Investi en politique depuis la campagne de Valéry Giscard d’Estaing en 1974, Yannick Favennec-Bécot a suivi sa passion, en militant dès le lycée, puis en endossant plus tard des responsabilités politiques, avant d’être élu député en 2002. À 63 ans, l’élu UDI de la troisième conscription de la Mayenne espère prolonger cette aventure avec un cinquième mandat aux prochaines législatives. Pour autant, il n’imagine pas la vie politique comme une carrière qui durerait toute la vie active. « On n’est pas député, maire, conseiller départemental ou président de la République pendant 42 ans, illustre-t-il. Ce n’est pas un métier, c’est d’abord un engagement qui se réalise à travers un mandat. Si on fait le parallèle avec un métier, nous sommes en CDD de cinq ans, renouvelable en fonction de ce que décident les électeurs. Je le conçois d’abord comme une passion et les passions, on meurt avec elles. C’est rare qu’elles nous quittent au cours d’une vie. »

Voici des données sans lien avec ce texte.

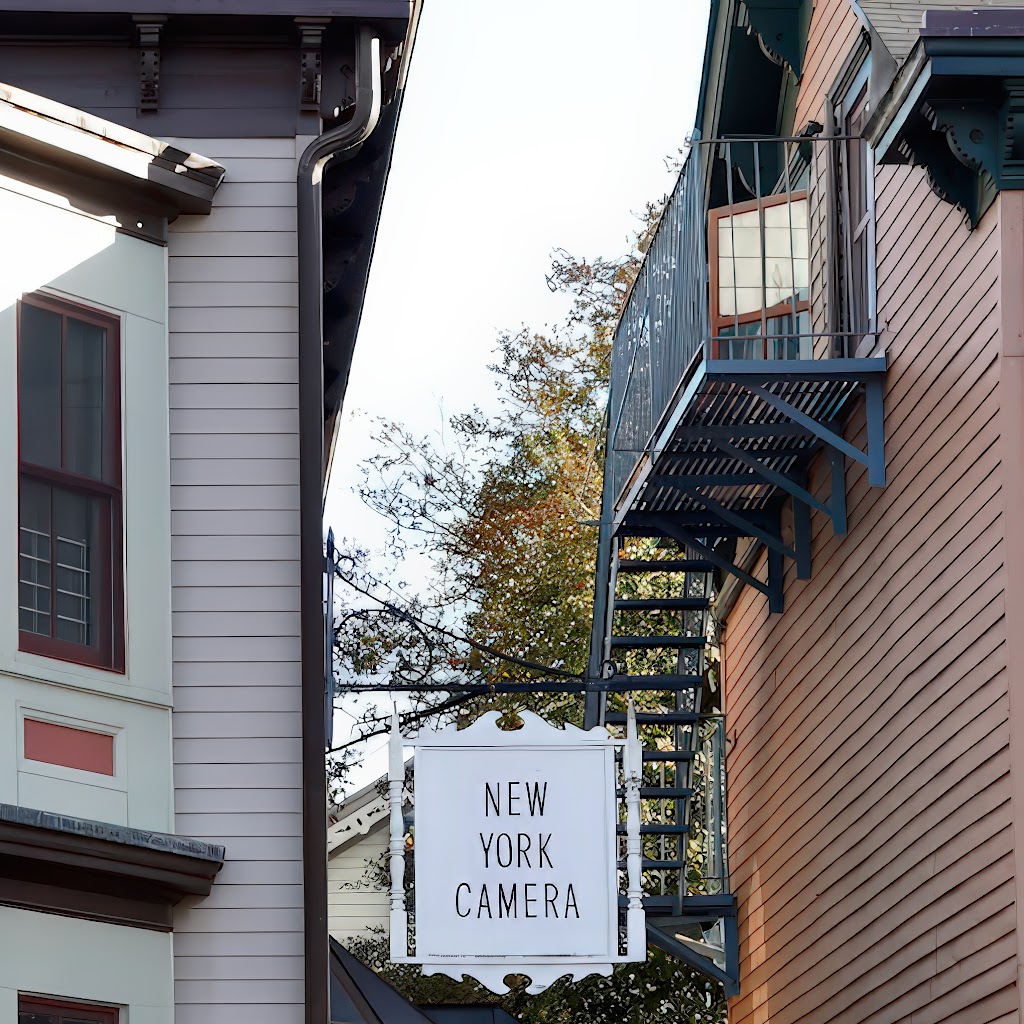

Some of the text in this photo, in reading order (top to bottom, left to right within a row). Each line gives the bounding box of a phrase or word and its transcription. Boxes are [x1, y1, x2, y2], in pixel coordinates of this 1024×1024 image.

[485, 781, 548, 817] NEW
[479, 832, 554, 869] YORK
[455, 882, 580, 919] CAMERA
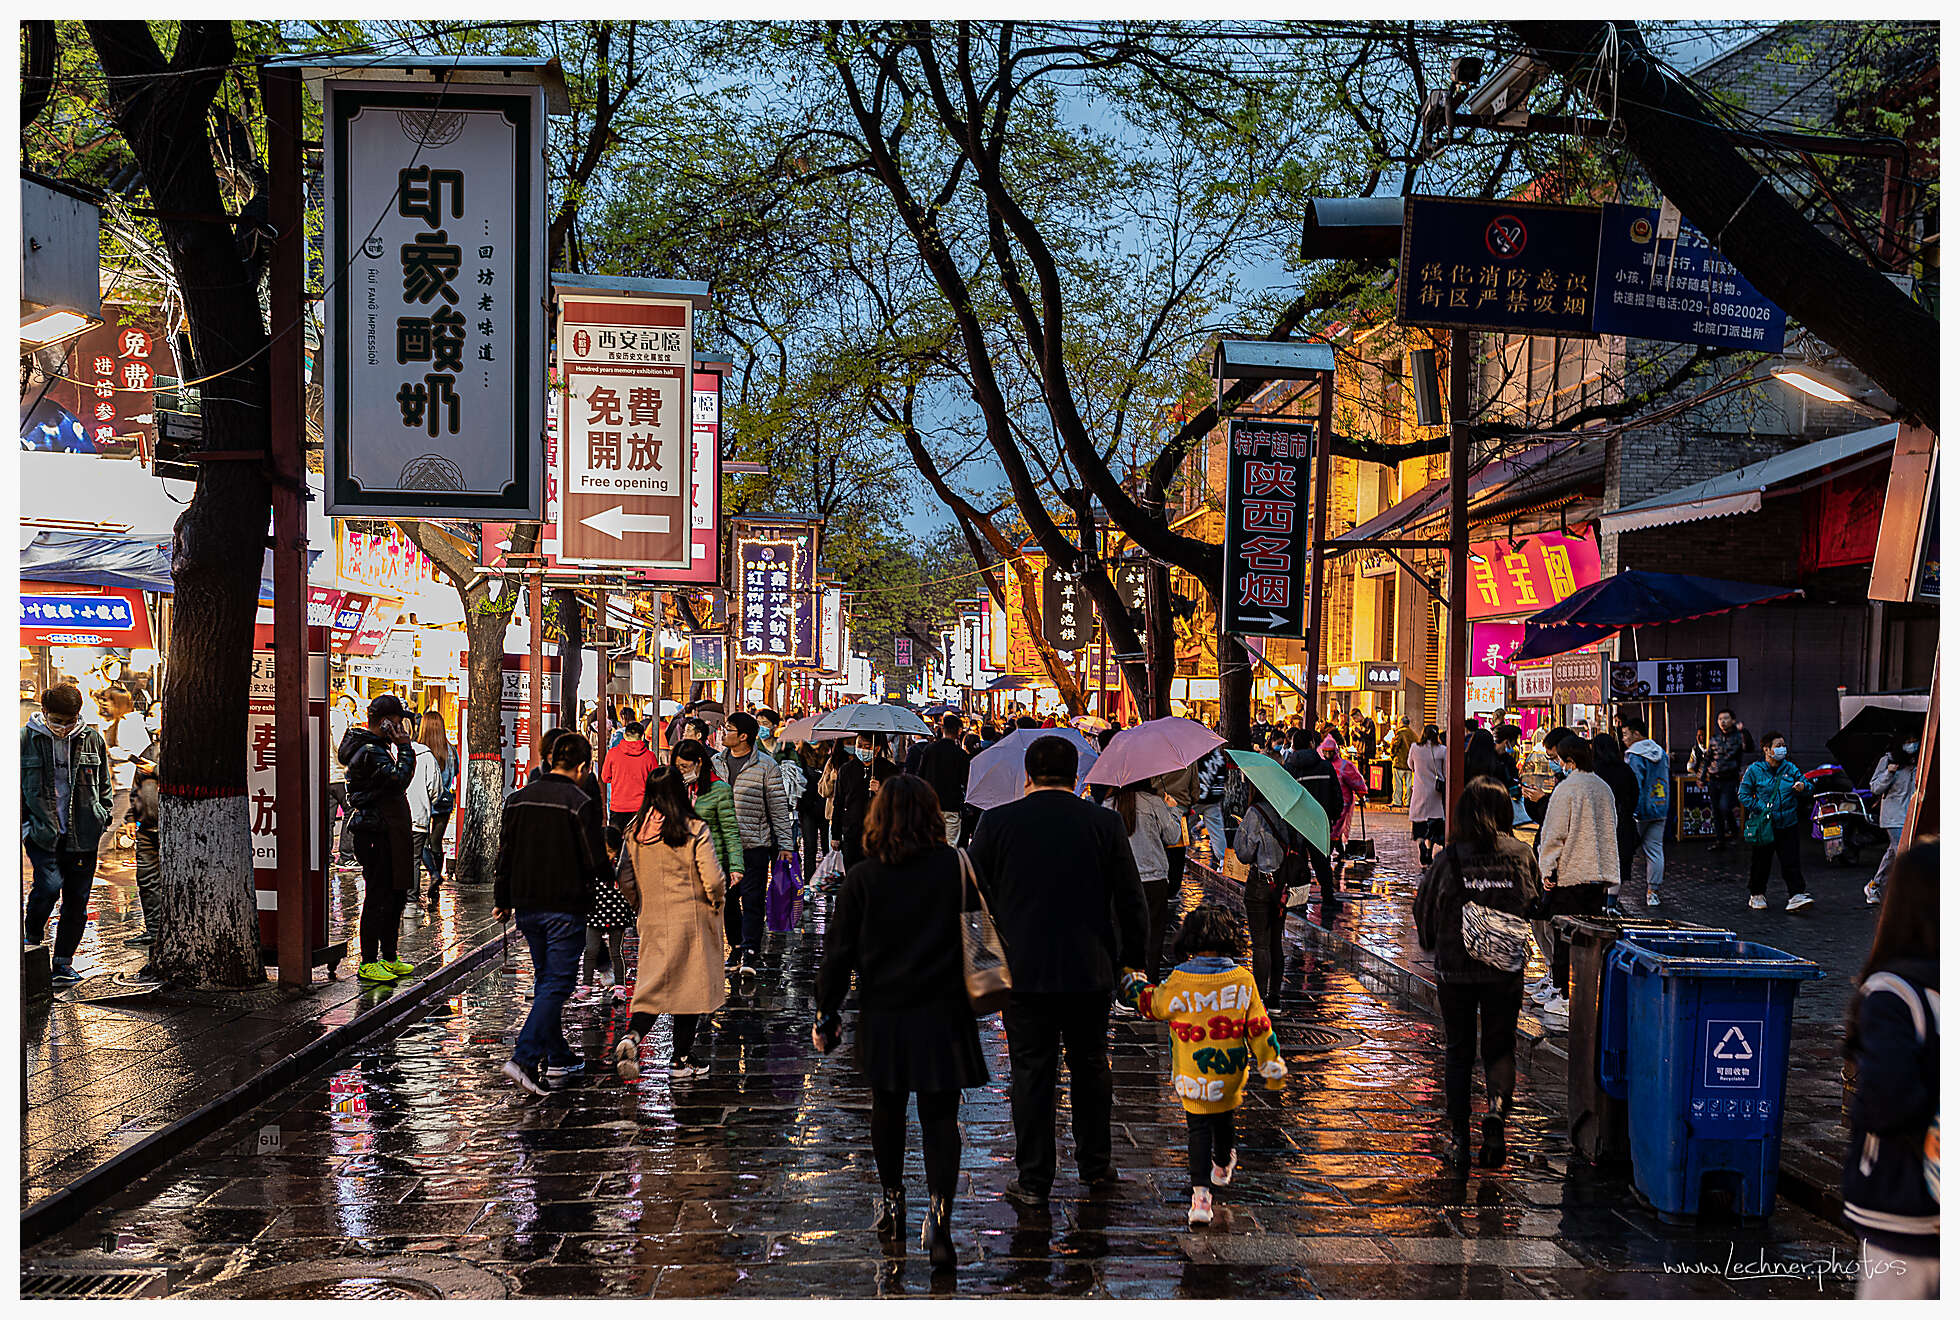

Si le mandat de parlementaire s’exerce à titre d’activité principale, les élus ne perçoivent pas tous une indemnité suffisante pour en vivre. Conjuguer une vie professionnelle avec un mandat - souvent chronophage - devient parfois nécessaire, bien que très difficile à combiner. De fait, un choix s’opère bien souvent au détriment de l’activité d’élu·e pour les communes rurales notamment. « On se prive très certainement de compétences d’un certain nombre de gens », déplore le député. L’idée que « la démocratie a un coût » peine à faire son chemin mais est essentielle pour lui.

« Si on fait le parallèle avec un métier, nous sommes en CDD de cinq ans »

Le député de la Mayenne a aussi souhaité passer cinq années par la case entreprise, persuadé qu’on ne peut exercer un mandat « sans connaître ce que tout le monde ou presque connaît : être salarié dans une entreprise ». La différence notable qu’il observe entre les sphères privée et publique se situe, selon lui, au niveau du management des ressources humaines. « L’obligation de résultat, la réactivité sont plus marquées dans le monde de l’entreprise », appuie-t-il. Cette immersion lui permet en outre de développer une vision sur les attentes et les difficultés des entreprises, mais aussi leur capacité à agir ou réagir et faire tourner l’économie.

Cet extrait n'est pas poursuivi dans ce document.